_Exercise_: Leaving out the pictures, reproduce each record exactly and in full.

_Input records_:
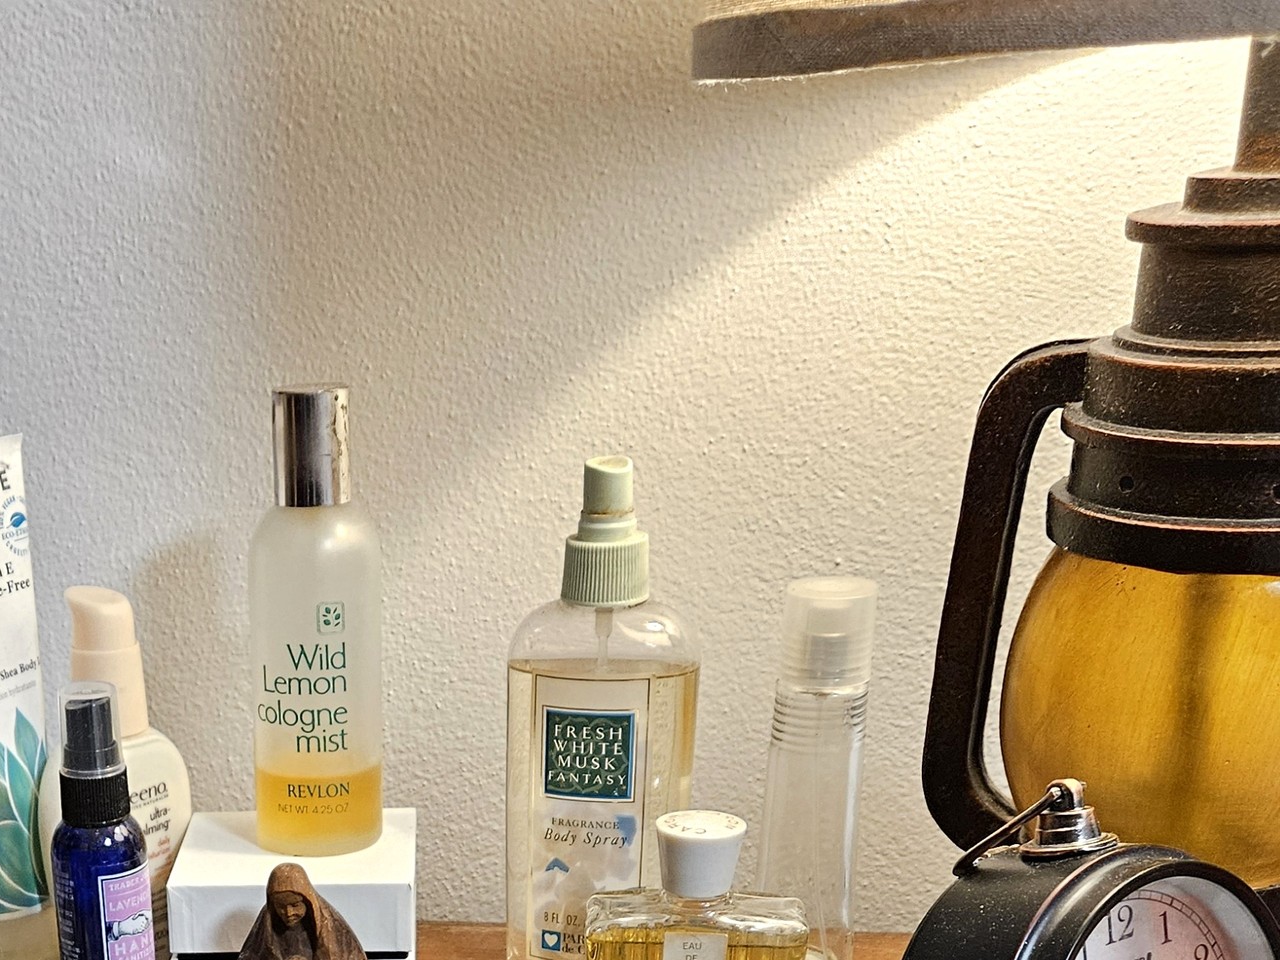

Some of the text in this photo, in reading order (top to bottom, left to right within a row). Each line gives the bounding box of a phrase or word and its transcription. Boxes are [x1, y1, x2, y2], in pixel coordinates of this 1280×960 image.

[5, 561, 15, 576] E
[286, 642, 347, 671] Wild
[0, 668, 19, 681] Shea
[19, 658, 37, 673] Body
[263, 664, 347, 696] Lemon
[257, 700, 348, 734] cologne
[296, 728, 348, 753] mist
[554, 724, 623, 740] FRESH
[553, 739, 624, 756] WHITE
[558, 755, 616, 771] MUSK
[548, 770, 627, 786] FANTASY
[287, 781, 351, 799] REVLON
[278, 803, 293, 814] NET
[294, 805, 309, 815] WT
[551, 816, 620, 831] FRAGRANCE
[543, 828, 628, 849] Body Spray
[543, 911, 549, 922] 8
[1105, 904, 1135, 946] 12
[1159, 910, 1173, 946] 1
[682, 942, 703, 951] EAU
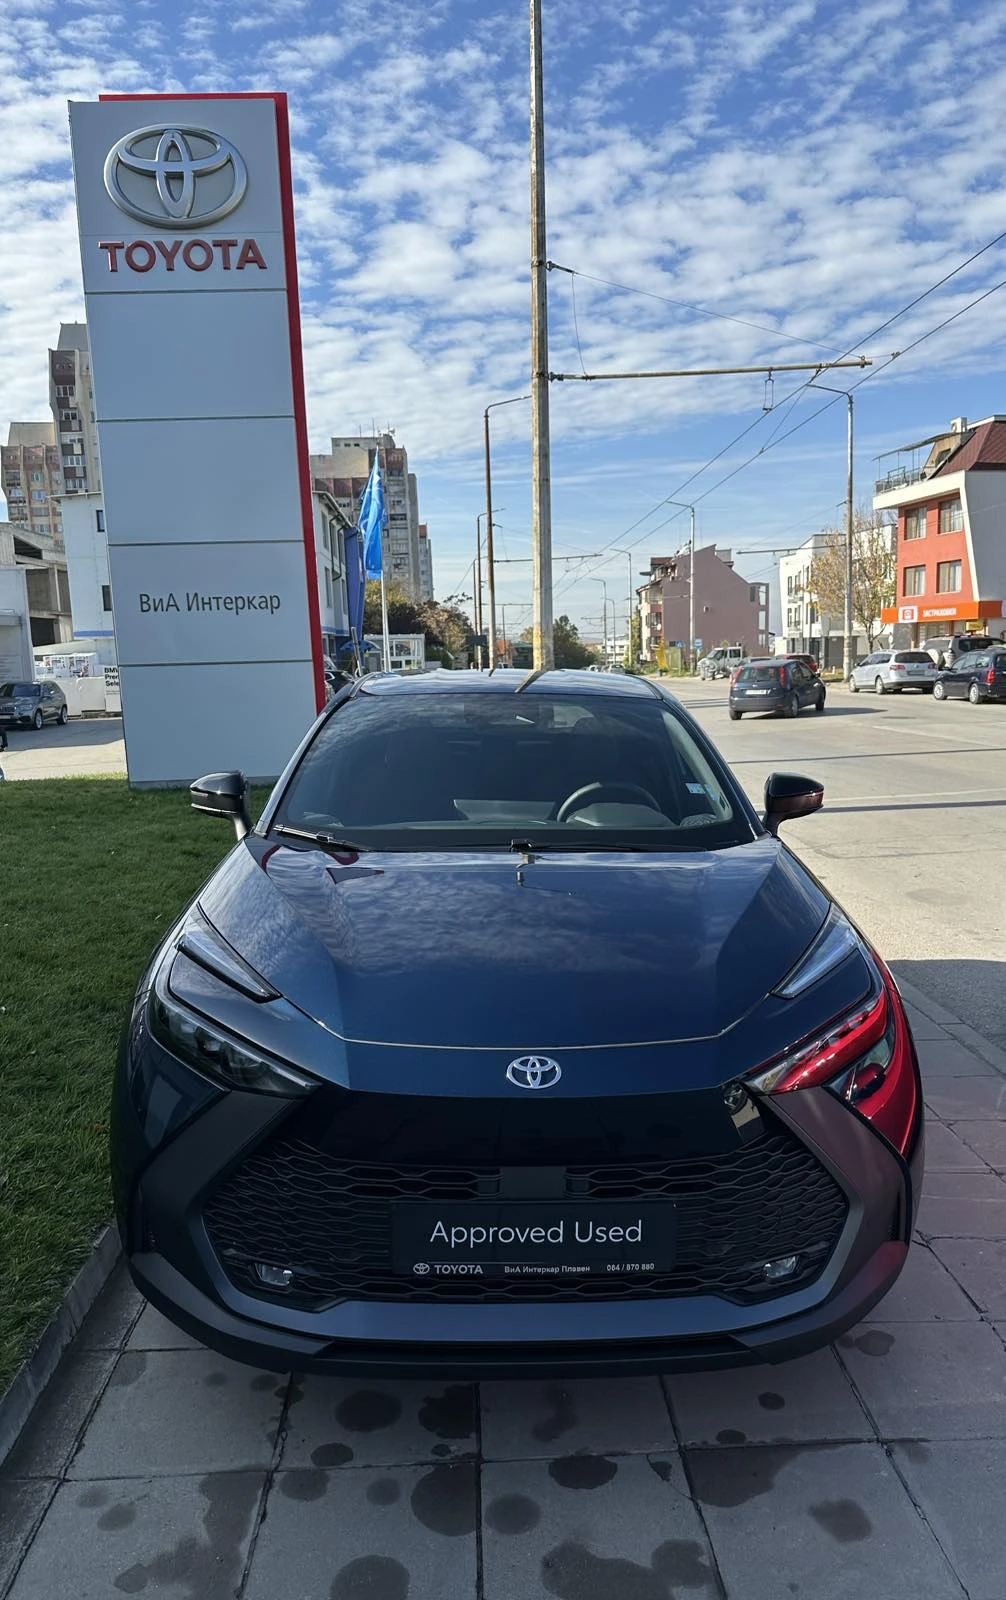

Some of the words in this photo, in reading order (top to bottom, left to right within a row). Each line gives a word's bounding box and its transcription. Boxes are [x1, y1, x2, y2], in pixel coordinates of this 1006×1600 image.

[98, 238, 268, 273] TOYOTA
[139, 593, 181, 613] ВиА
[186, 592, 281, 615] Интеркар
[430, 1220, 564, 1248] Approved
[575, 1219, 642, 1243] Used
[434, 1264, 484, 1274] TOYOTA
[504, 1265, 521, 1273] ВиА
[522, 1265, 560, 1275] Интеркар

_Expected output_:
Some of the text in this photo, in reading order (top to bottom, left to right within a row). Each line gives the bounding box of a phrase or word and its transcription. Boxes are [x1, y1, x2, y2], in pixel coordinates of this 1280×960 image.

[5, 561, 15, 576] E
[286, 642, 347, 671] Wild
[0, 668, 19, 681] Shea
[19, 658, 37, 673] Body
[263, 664, 347, 696] Lemon
[257, 700, 348, 734] cologne
[296, 728, 348, 753] mist
[554, 724, 623, 740] FRESH
[553, 739, 624, 756] WHITE
[558, 755, 616, 771] MUSK
[548, 770, 627, 786] FANTASY
[287, 781, 351, 799] REVLON
[278, 803, 293, 814] NET
[294, 805, 309, 815] WT
[551, 816, 620, 831] FRAGRANCE
[543, 828, 628, 849] Body Spray
[543, 911, 549, 922] 8
[1105, 904, 1135, 946] 12
[1159, 910, 1173, 946] 1
[682, 942, 703, 951] EAU

Some of the words in this photo, in reading order (top to bottom, left to right within a row). Each line gives a word's bounding box and its transcription. Boxes are [x1, y1, x2, y2], in pixel coordinates of this 1006×1600 image.

[98, 238, 268, 273] TOYOTA
[139, 593, 181, 613] ВиА
[186, 592, 281, 615] Интеркар
[430, 1220, 564, 1248] Approved
[575, 1219, 642, 1243] Used
[434, 1264, 484, 1274] TOYOTA
[504, 1265, 521, 1273] ВиА
[522, 1265, 560, 1275] Интеркар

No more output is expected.